▶ [Work task]: Give back all the records exactly, keeping every line whole.

Text-to-region grounding data
=== Section Start ===
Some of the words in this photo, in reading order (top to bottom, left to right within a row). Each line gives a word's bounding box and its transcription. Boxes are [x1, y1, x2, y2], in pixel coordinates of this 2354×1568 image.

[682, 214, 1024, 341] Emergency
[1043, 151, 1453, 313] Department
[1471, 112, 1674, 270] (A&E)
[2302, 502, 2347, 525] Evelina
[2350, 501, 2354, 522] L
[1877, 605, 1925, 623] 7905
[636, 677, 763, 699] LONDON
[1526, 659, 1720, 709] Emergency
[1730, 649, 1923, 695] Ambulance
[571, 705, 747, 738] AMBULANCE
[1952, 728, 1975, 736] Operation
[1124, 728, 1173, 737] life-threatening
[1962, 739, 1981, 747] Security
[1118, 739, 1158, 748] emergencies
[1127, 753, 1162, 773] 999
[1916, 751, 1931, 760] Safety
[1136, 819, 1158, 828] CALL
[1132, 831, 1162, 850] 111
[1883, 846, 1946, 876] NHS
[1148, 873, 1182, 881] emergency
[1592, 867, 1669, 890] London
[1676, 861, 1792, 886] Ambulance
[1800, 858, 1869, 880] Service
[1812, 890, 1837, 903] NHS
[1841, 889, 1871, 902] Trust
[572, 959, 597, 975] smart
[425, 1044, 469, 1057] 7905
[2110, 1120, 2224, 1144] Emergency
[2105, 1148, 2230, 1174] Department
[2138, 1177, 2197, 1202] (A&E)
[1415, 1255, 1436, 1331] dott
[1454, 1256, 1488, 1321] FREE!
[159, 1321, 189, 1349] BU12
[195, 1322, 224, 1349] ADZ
=== Section End ===
▶ [Answer space]:
Some of the words in this photo, in reading order (top to bottom, left to right within a row). Each line gives a word's bounding box and its transcription. Boxes are [x1, y1, x2, y2], in pixel coordinates of this 2354×1568 image.

[682, 214, 1024, 341] Emergency
[1043, 151, 1453, 313] Department
[1471, 112, 1674, 270] (A&E)
[2302, 502, 2347, 525] Evelina
[2350, 501, 2354, 522] L
[1877, 605, 1925, 623] 7905
[636, 677, 763, 699] LONDON
[1526, 659, 1720, 709] Emergency
[1730, 649, 1923, 695] Ambulance
[571, 705, 747, 738] AMBULANCE
[1952, 728, 1975, 736] Operation
[1124, 728, 1173, 737] life-threatening
[1962, 739, 1981, 747] Security
[1118, 739, 1158, 748] emergencies
[1127, 753, 1162, 773] 999
[1916, 751, 1931, 760] Safety
[1136, 819, 1158, 828] CALL
[1132, 831, 1162, 850] 111
[1883, 846, 1946, 876] NHS
[1148, 873, 1182, 881] emergency
[1592, 867, 1669, 890] London
[1676, 861, 1792, 886] Ambulance
[1800, 858, 1869, 880] Service
[1812, 890, 1837, 903] NHS
[1841, 889, 1871, 902] Trust
[572, 959, 597, 975] smart
[425, 1044, 469, 1057] 7905
[2110, 1120, 2224, 1144] Emergency
[2105, 1148, 2230, 1174] Department
[2138, 1177, 2197, 1202] (A&E)
[1415, 1255, 1436, 1331] dott
[1454, 1256, 1488, 1321] FREE!
[159, 1321, 189, 1349] BU12
[195, 1322, 224, 1349] ADZ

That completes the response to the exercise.